Extracted records:
━━━━━━━━━━

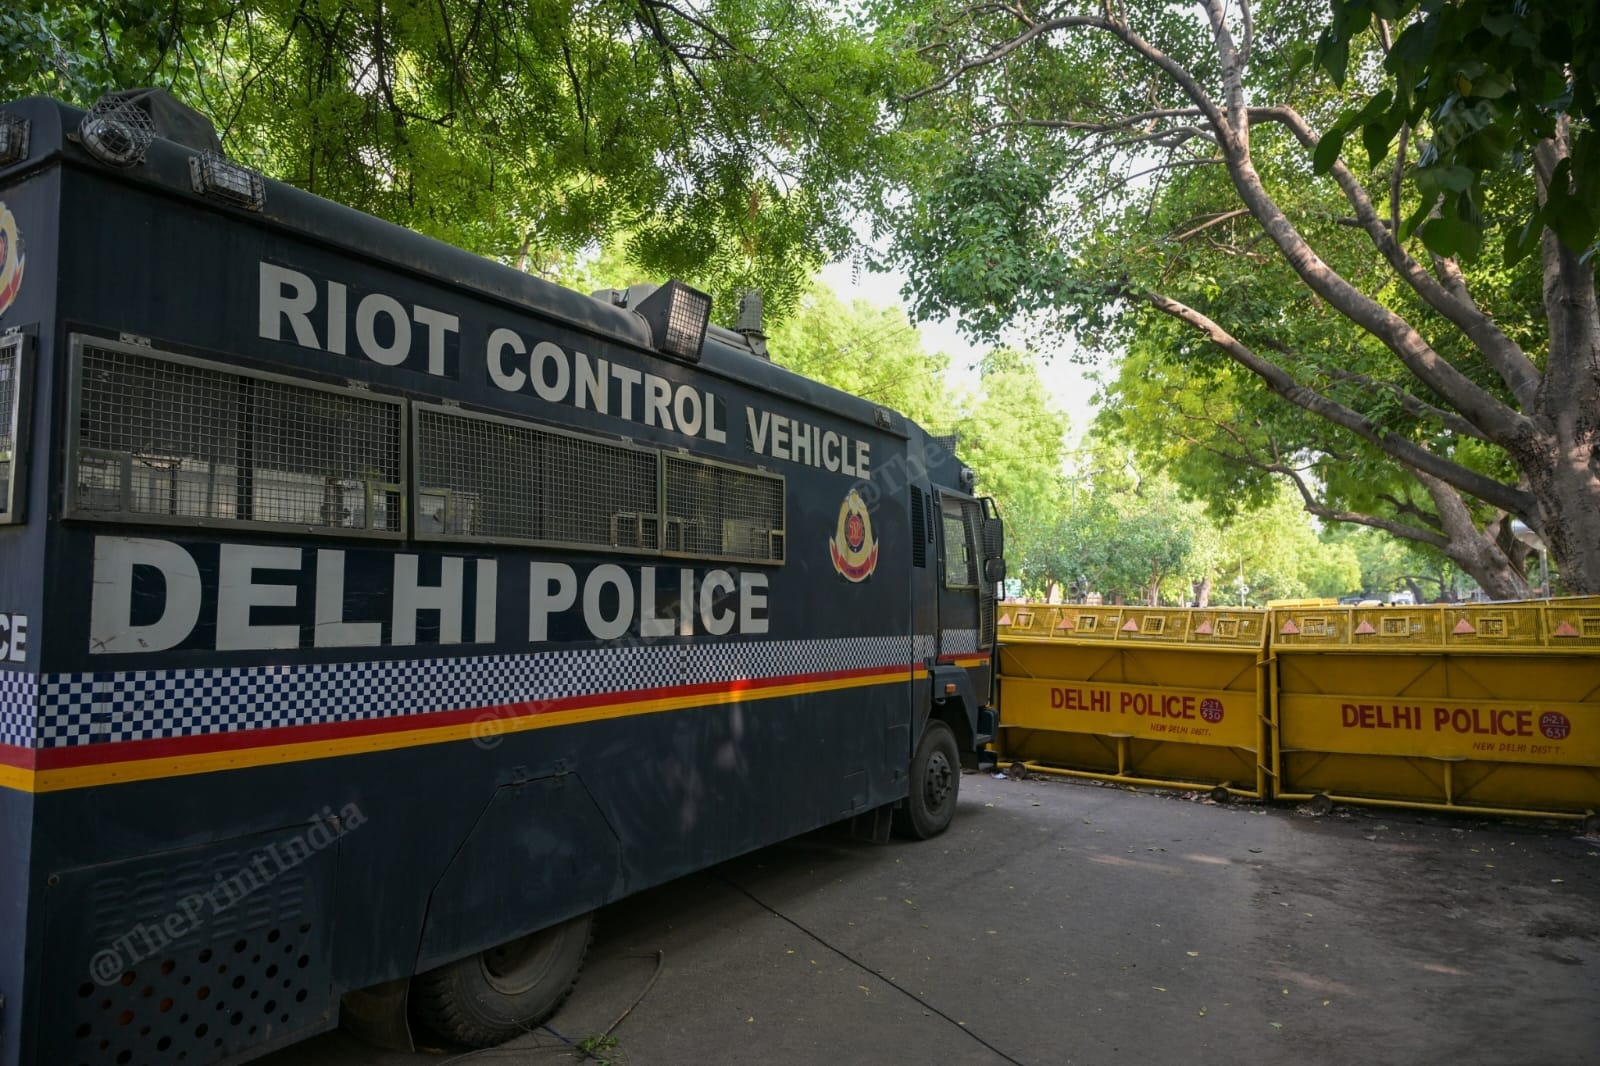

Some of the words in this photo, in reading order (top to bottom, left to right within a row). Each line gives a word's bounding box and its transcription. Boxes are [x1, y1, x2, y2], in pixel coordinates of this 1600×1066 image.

[259, 261, 459, 376] RIOT
[486, 328, 727, 443] CONTROL
[746, 406, 871, 480] VEHICLE
[89, 535, 498, 654] DELHI
[528, 561, 769, 642] POLICE
[1051, 687, 1111, 713] DELHI
[1120, 691, 1196, 720] POLICE
[1341, 703, 1422, 730] DELHI
[1434, 707, 1534, 737] POLICE
[1150, 722, 1167, 732] NEW
[1168, 725, 1189, 734] DELHI
[1472, 741, 1495, 751] NEW
[1498, 743, 1527, 753] DELHI
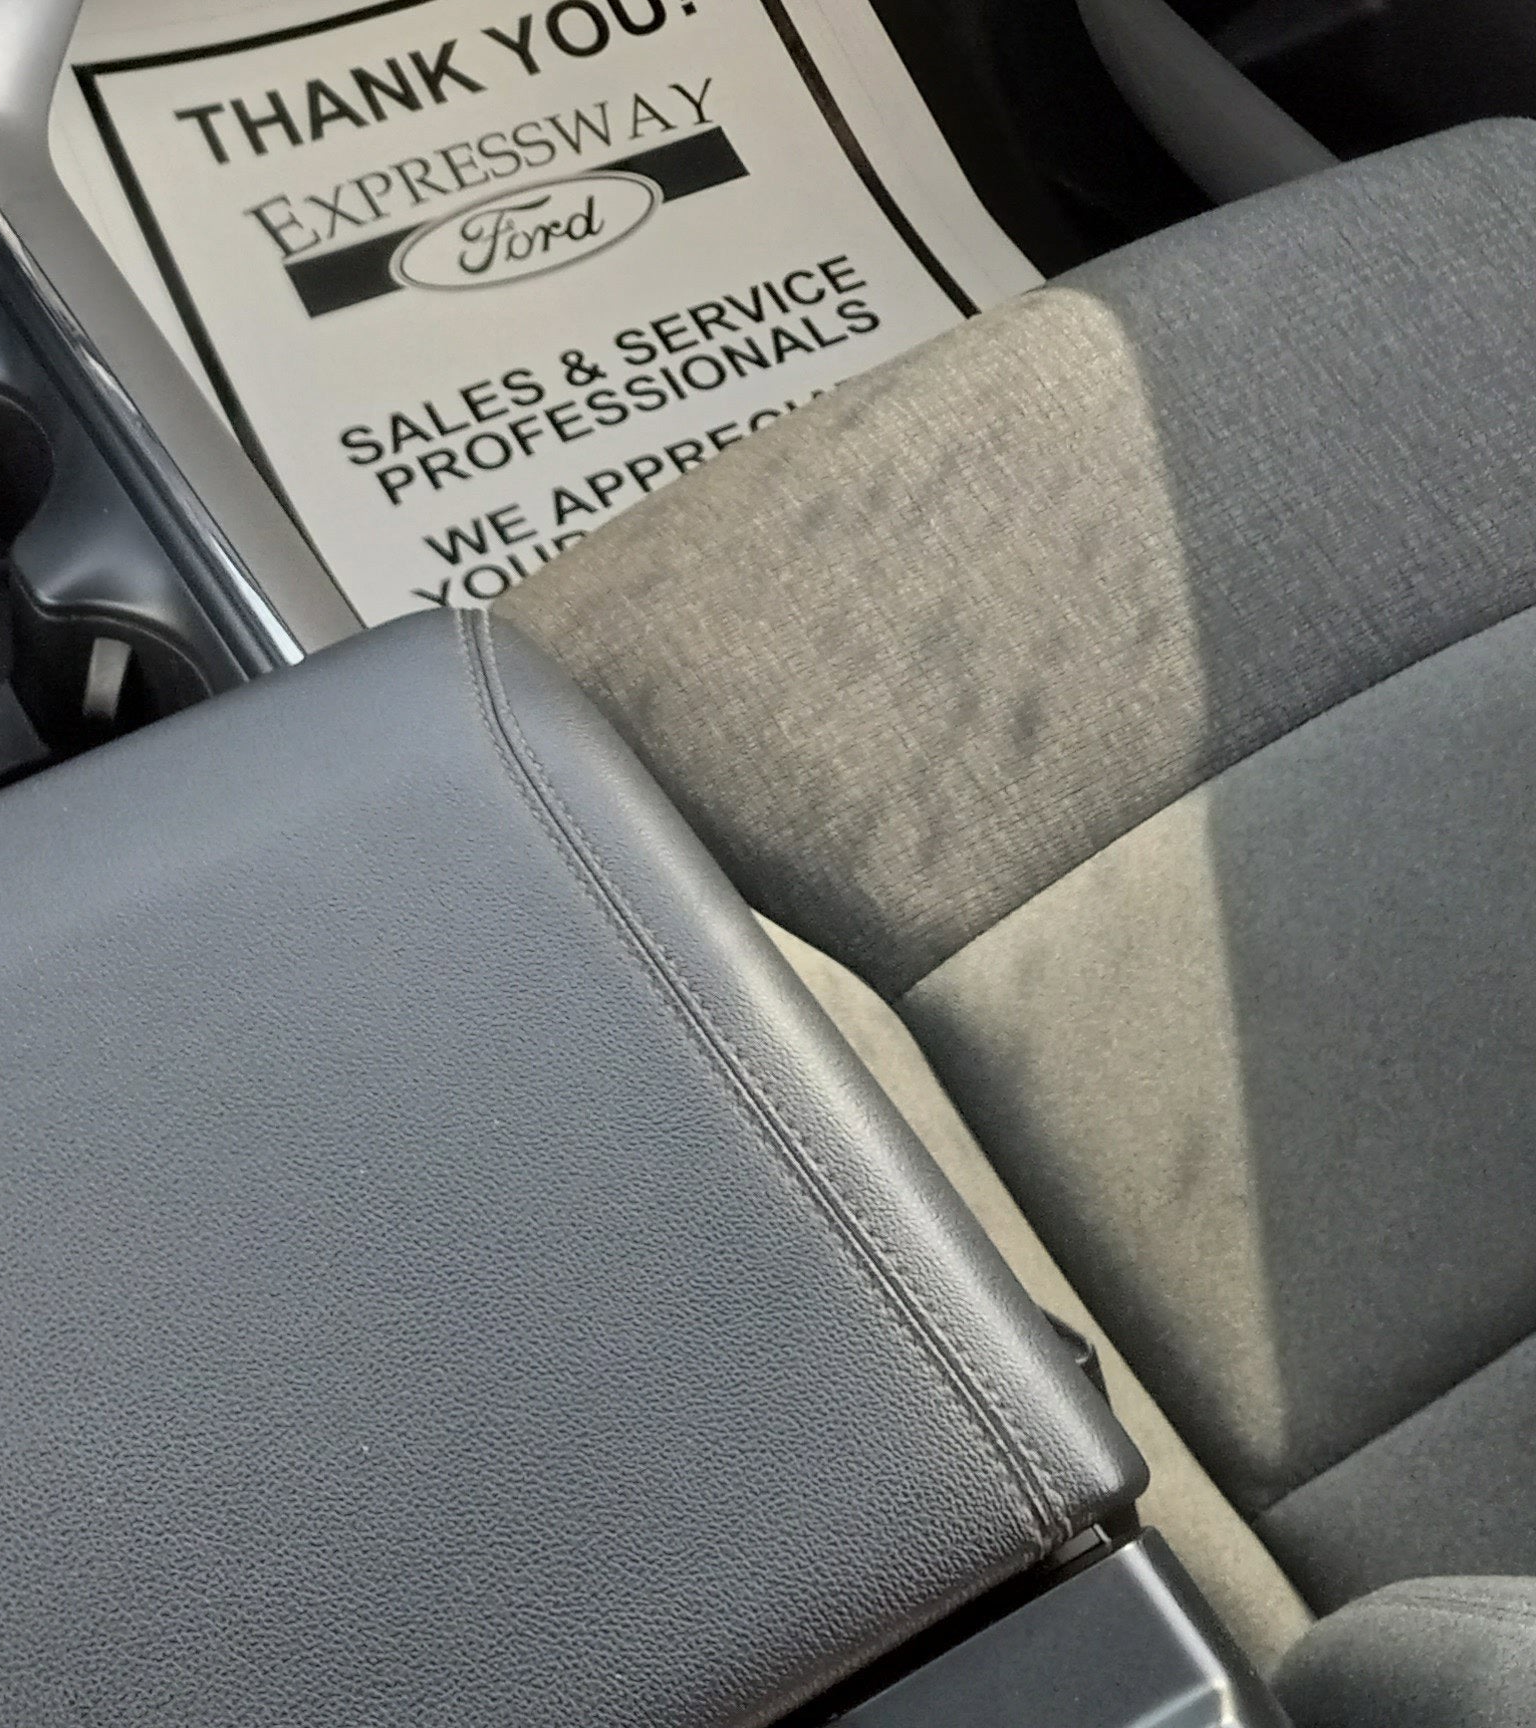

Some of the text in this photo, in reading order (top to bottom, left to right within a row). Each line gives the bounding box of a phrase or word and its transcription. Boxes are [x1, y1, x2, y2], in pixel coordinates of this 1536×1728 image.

[175, 38, 488, 168] THANK
[242, 76, 719, 264] EXPRESSWAY
[457, 196, 607, 277] Ford
[338, 254, 869, 469] SALES & SERVICE
[374, 297, 883, 508] PROFESSIONALS
[421, 379, 849, 567] WE APPRE
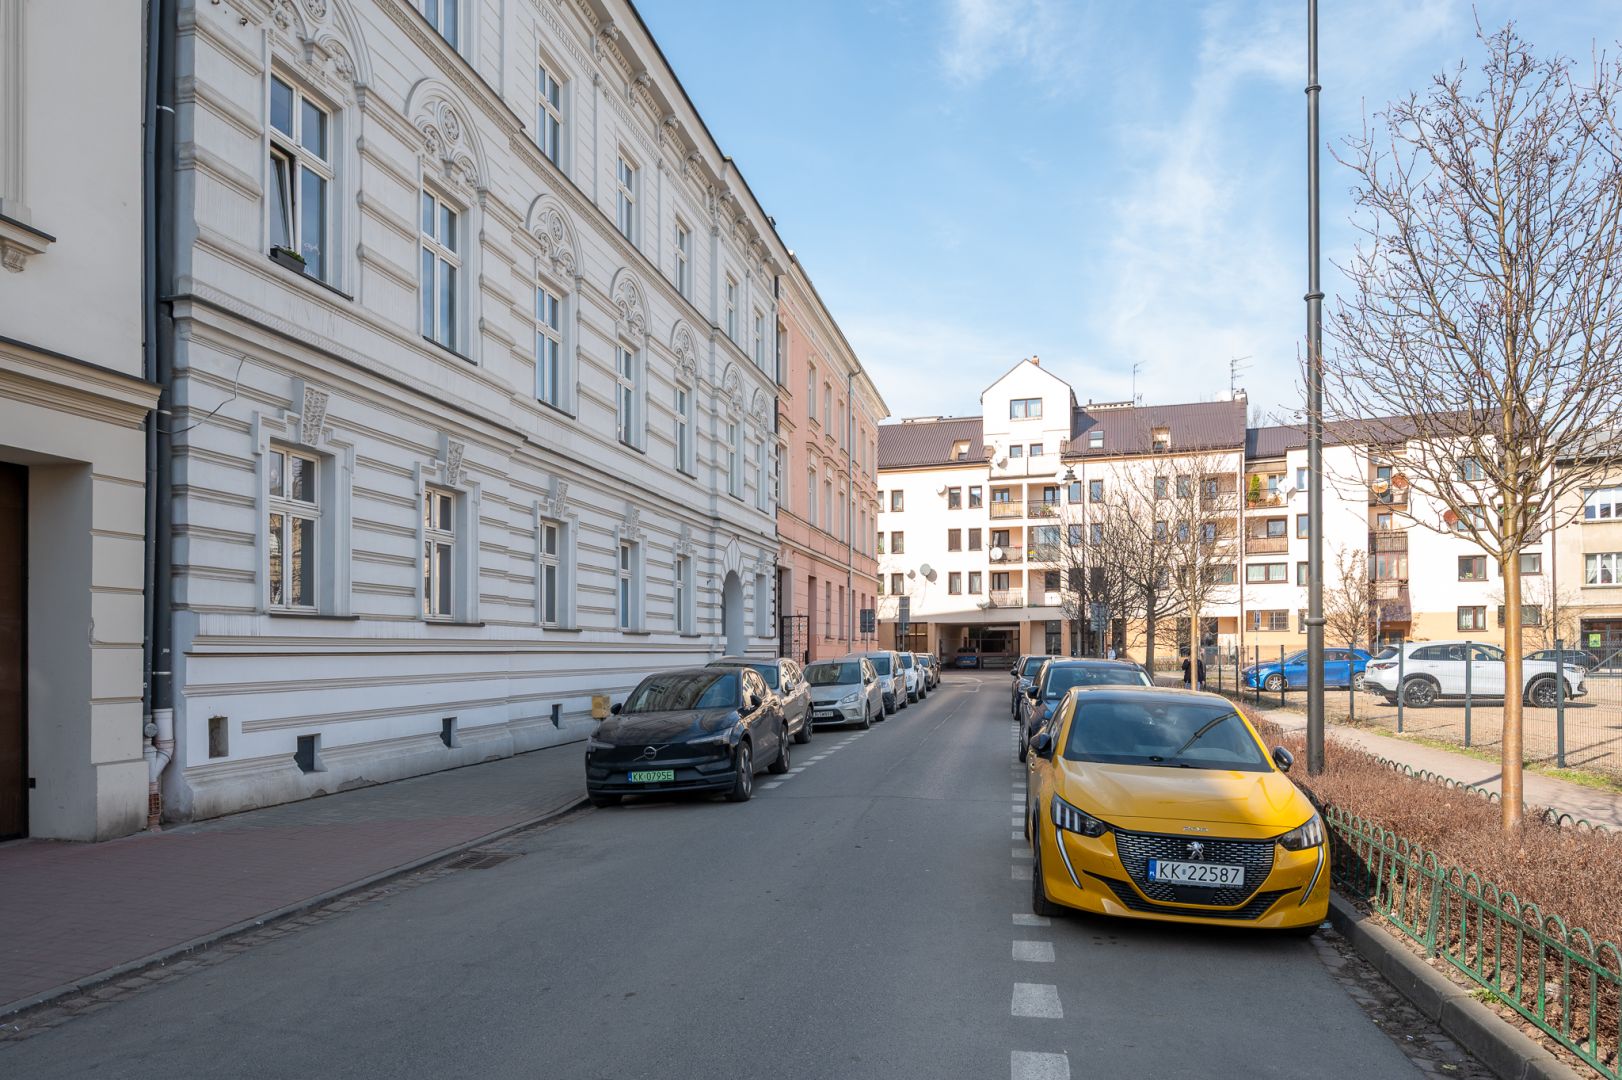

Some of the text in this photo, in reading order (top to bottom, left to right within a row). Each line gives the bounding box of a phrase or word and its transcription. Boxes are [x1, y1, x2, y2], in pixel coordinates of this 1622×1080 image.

[633, 771, 672, 781] KK 0795E
[1159, 862, 1240, 884] KK 22587

━━━━━━━━━━

Exercise aim:
The line containing "this 1622×1080 image." and all lines after it, to the end of the records, are to be output exactly and alone.

Task answer:
Some of the text in this photo, in reading order (top to bottom, left to right within a row). Each line gives the bounding box of a phrase or word and its transcription. Boxes are [x1, y1, x2, y2], in pixel coordinates of this 1622×1080 image.

[633, 771, 672, 781] KK 0795E
[1159, 862, 1240, 884] KK 22587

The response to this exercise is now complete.